Yes, most certainly there are consequences to our sins, and those consequences usually break us to some extent. Jason Kent made a grave mistake and is now in prison with a life sentence. Yet, God has used the consequences of his sin to transform him into a man with a passion to reach other inmates for Christ. His parents, too, though they are suffering the consequences of Jason's sin as well, have also had their eyes opened to a "whole new world" and are reaching out to families of inmates.

And yes, most certainly there are difficult circumstances resulting from the fallen world we live in that shake our core and threaten to destroy us. Surely Steven Curtis Chapman's family stands broken before God today in the wake of their daughter's death. Yet just as surely, I am confident that they will eventually emerge from the tragedy having been transformed more into His image.

Still, while it is terribly uncomfortable to think about, sometimes, in his ultimate wisdom and goodness, God brings about the uncomfortable, breaking moments at His will.

Well, Lucifer, have you considered my servant Job?

Abraham, I want you to sacrifice your son, Isaac.

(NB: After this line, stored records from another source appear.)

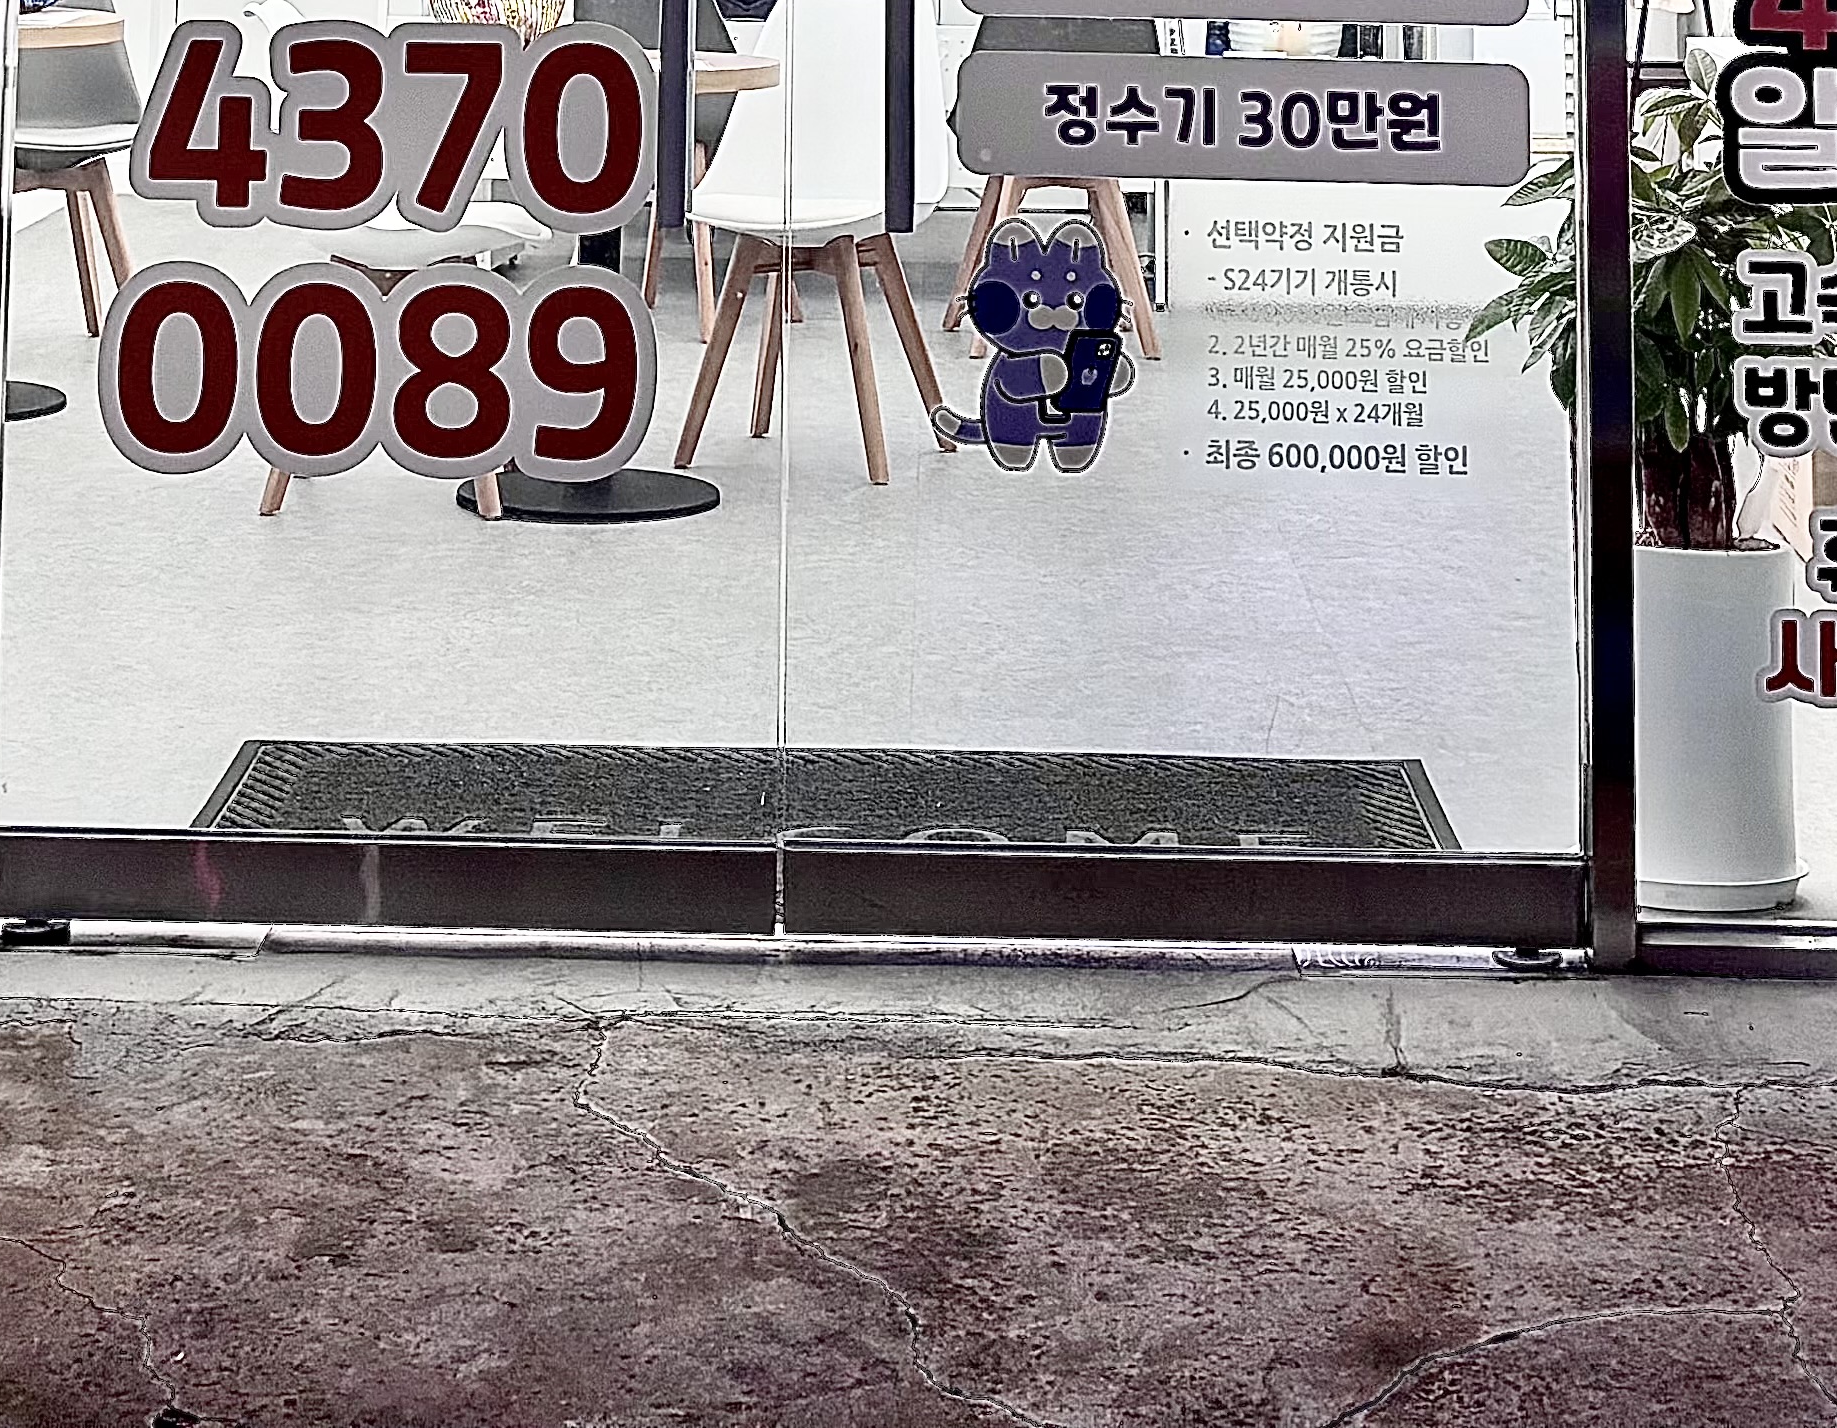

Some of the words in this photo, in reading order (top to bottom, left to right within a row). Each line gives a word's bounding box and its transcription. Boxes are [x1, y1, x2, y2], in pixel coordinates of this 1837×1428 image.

[148, 38, 643, 215] 4370
[1043, 83, 1217, 149] 정수기
[1237, 90, 1443, 154] 30만원
[1206, 219, 1313, 252] 선택약정
[1322, 222, 1405, 253] 지원금
[1222, 267, 1316, 296] S24기기
[1324, 268, 1398, 298] 개통시
[1296, 334, 1339, 361] 매월
[1345, 336, 1396, 360] 25%
[116, 282, 638, 462] 0089
[1233, 365, 1276, 392] 매월
[1282, 368, 1379, 395] 25,000원
[1385, 369, 1429, 395] 할인
[1233, 399, 1330, 426] 25,000원
[1352, 401, 1425, 428] 24개월
[1205, 438, 1261, 471] 최종
[1267, 442, 1407, 474] 600,000원
[1415, 444, 1469, 476] 할인
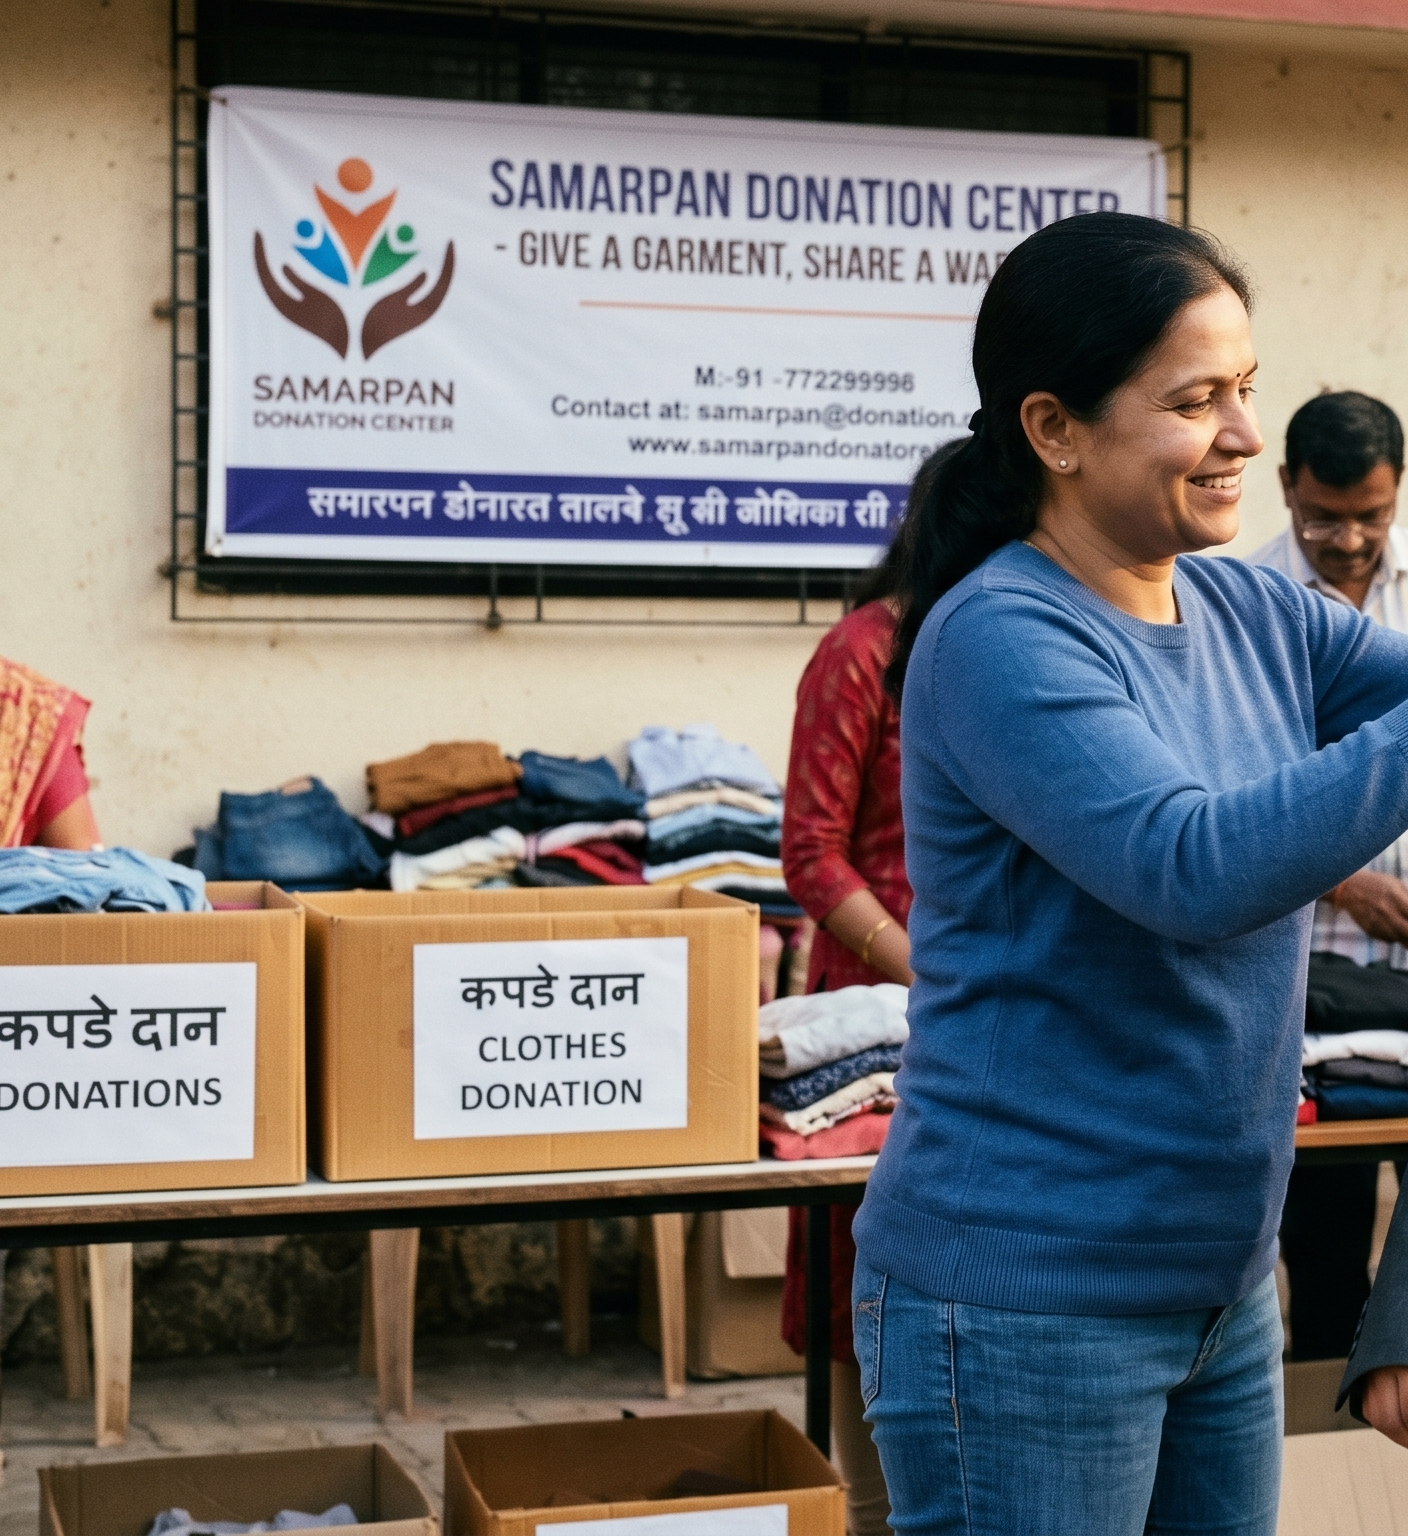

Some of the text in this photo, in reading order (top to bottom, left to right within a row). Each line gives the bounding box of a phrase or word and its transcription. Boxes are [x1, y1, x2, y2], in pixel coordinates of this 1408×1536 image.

[490, 159, 730, 218] SAMARPAN
[746, 173, 952, 229] DONATION
[519, 230, 591, 268] GIVE
[601, 235, 622, 269] A
[633, 235, 793, 283] GARMENT,
[803, 243, 903, 282] SHARE
[914, 248, 936, 285] A
[253, 374, 454, 406] SAMARPAN
[253, 410, 454, 433] DONATION CENTER
[551, 394, 650, 419] Contact
[659, 400, 690, 421] at:
[460, 964, 645, 1010] कपडे दान
[130, 1007, 227, 1051] दान
[478, 1032, 627, 1062] CLOTHES
[0, 1077, 222, 1112] DONATIONS
[461, 1079, 642, 1110] DONATION

Moses, you need to hang out in the wilderness for, oh, say forty years, to get ready for your next assignment.

Esther, who knows but that you have come to this position for such a time as this?

Isaiah, here I am in all of my glory. Get a good look …

Hosea, take for yourself an adulterous wife and children of unfaithfulness …

Mary, Joseph, I know people are going to scorn and reject you, and say nasty things but ... you will call him Jesus.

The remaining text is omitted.